> **YOUR INSTRUCTIONS**
Word for word, repeat the data that follows. Do not include the pictures.

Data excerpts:
-*-
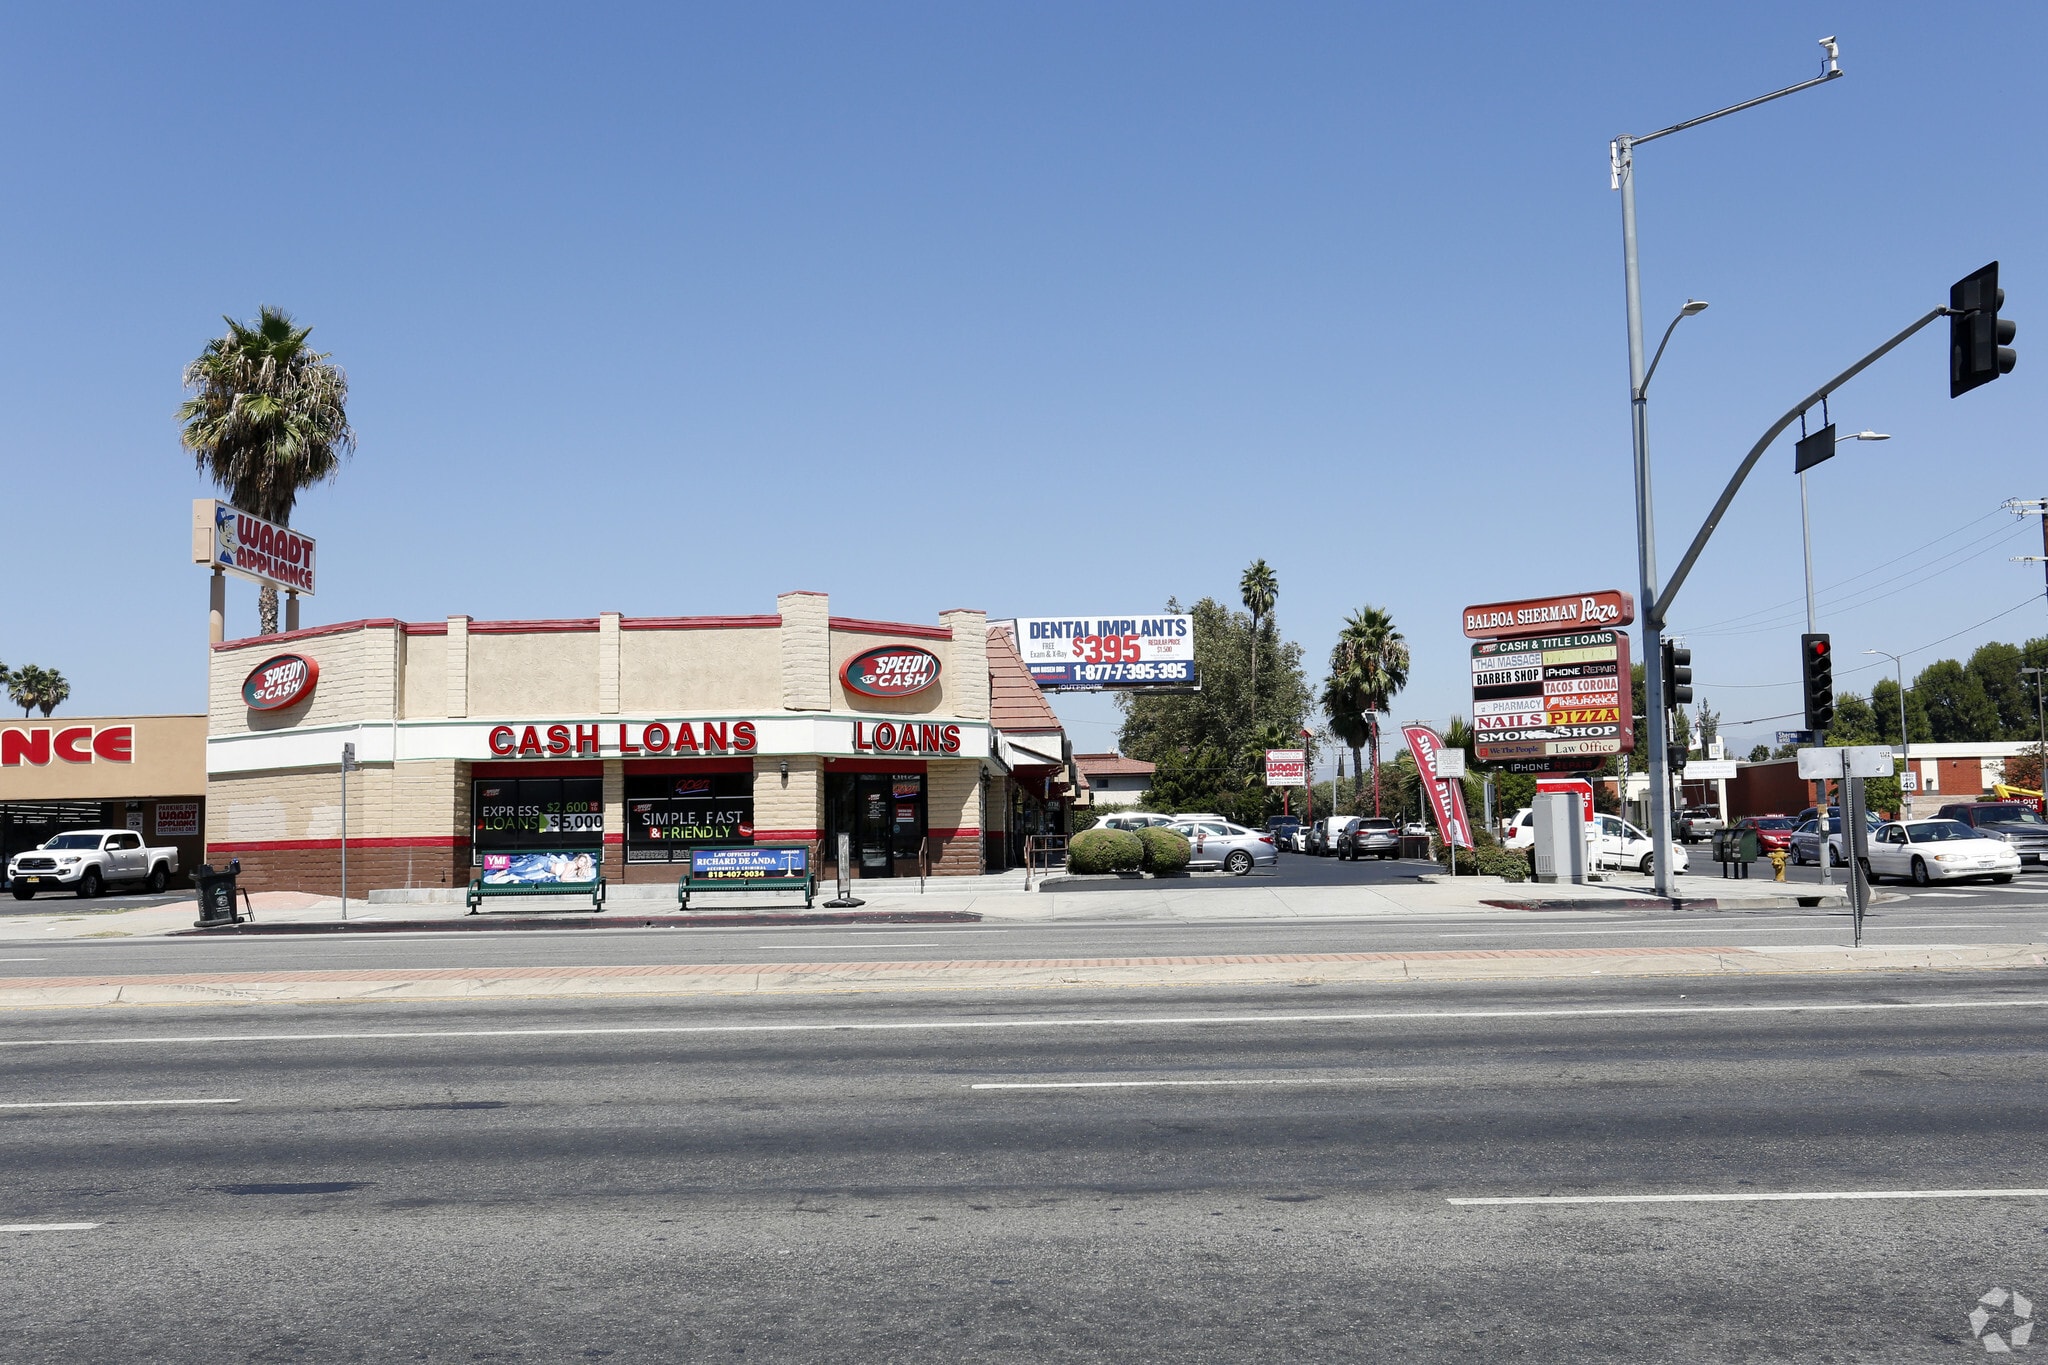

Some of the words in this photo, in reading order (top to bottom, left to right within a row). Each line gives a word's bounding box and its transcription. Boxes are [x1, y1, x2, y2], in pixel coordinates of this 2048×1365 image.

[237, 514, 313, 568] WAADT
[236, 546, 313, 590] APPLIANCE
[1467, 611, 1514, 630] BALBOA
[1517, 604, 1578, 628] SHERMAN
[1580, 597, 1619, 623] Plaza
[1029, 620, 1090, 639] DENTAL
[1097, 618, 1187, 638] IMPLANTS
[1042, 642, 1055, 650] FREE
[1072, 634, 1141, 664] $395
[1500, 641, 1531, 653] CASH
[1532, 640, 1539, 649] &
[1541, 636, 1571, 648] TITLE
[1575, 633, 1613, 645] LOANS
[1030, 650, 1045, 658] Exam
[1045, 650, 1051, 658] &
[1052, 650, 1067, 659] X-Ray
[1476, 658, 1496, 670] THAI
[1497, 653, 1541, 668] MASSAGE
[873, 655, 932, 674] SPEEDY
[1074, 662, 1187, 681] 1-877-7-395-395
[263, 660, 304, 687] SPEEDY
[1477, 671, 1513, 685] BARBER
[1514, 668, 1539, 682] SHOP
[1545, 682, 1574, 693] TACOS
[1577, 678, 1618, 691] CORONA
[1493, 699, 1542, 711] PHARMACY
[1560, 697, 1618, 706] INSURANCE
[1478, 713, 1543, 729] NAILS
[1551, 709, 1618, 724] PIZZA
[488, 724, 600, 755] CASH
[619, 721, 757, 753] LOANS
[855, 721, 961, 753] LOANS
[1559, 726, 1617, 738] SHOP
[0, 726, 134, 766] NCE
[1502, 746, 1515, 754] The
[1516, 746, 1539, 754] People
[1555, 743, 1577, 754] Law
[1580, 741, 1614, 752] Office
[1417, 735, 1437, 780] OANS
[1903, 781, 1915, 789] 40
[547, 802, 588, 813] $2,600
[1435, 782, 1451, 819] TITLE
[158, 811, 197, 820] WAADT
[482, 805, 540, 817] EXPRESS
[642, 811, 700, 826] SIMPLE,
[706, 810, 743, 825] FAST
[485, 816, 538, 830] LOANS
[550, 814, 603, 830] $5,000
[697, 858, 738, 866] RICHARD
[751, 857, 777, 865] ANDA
-*-
> **RESPONSE FOR THIS EXERCISE**
Some of the words in this photo, in reading order (top to bottom, left to right within a row). Each line gives a word's bounding box and its transcription. Boxes are [x1, y1, x2, y2], in pixel coordinates of this 2048×1365 image.

[237, 514, 313, 568] WAADT
[236, 546, 313, 590] APPLIANCE
[1467, 611, 1514, 630] BALBOA
[1517, 604, 1578, 628] SHERMAN
[1580, 597, 1619, 623] Plaza
[1029, 620, 1090, 639] DENTAL
[1097, 618, 1187, 638] IMPLANTS
[1042, 642, 1055, 650] FREE
[1072, 634, 1141, 664] $395
[1500, 641, 1531, 653] CASH
[1532, 640, 1539, 649] &
[1541, 636, 1571, 648] TITLE
[1575, 633, 1613, 645] LOANS
[1030, 650, 1045, 658] Exam
[1045, 650, 1051, 658] &
[1052, 650, 1067, 659] X-Ray
[1476, 658, 1496, 670] THAI
[1497, 653, 1541, 668] MASSAGE
[873, 655, 932, 674] SPEEDY
[1074, 662, 1187, 681] 1-877-7-395-395
[263, 660, 304, 687] SPEEDY
[1477, 671, 1513, 685] BARBER
[1514, 668, 1539, 682] SHOP
[1545, 682, 1574, 693] TACOS
[1577, 678, 1618, 691] CORONA
[1493, 699, 1542, 711] PHARMACY
[1560, 697, 1618, 706] INSURANCE
[1478, 713, 1543, 729] NAILS
[1551, 709, 1618, 724] PIZZA
[488, 724, 600, 755] CASH
[619, 721, 757, 753] LOANS
[855, 721, 961, 753] LOANS
[1559, 726, 1617, 738] SHOP
[0, 726, 134, 766] NCE
[1502, 746, 1515, 754] The
[1516, 746, 1539, 754] People
[1555, 743, 1577, 754] Law
[1580, 741, 1614, 752] Office
[1417, 735, 1437, 780] OANS
[1903, 781, 1915, 789] 40
[547, 802, 588, 813] $2,600
[1435, 782, 1451, 819] TITLE
[158, 811, 197, 820] WAADT
[482, 805, 540, 817] EXPRESS
[642, 811, 700, 826] SIMPLE,
[706, 810, 743, 825] FAST
[485, 816, 538, 830] LOANS
[550, 814, 603, 830] $5,000
[697, 858, 738, 866] RICHARD
[751, 857, 777, 865] ANDA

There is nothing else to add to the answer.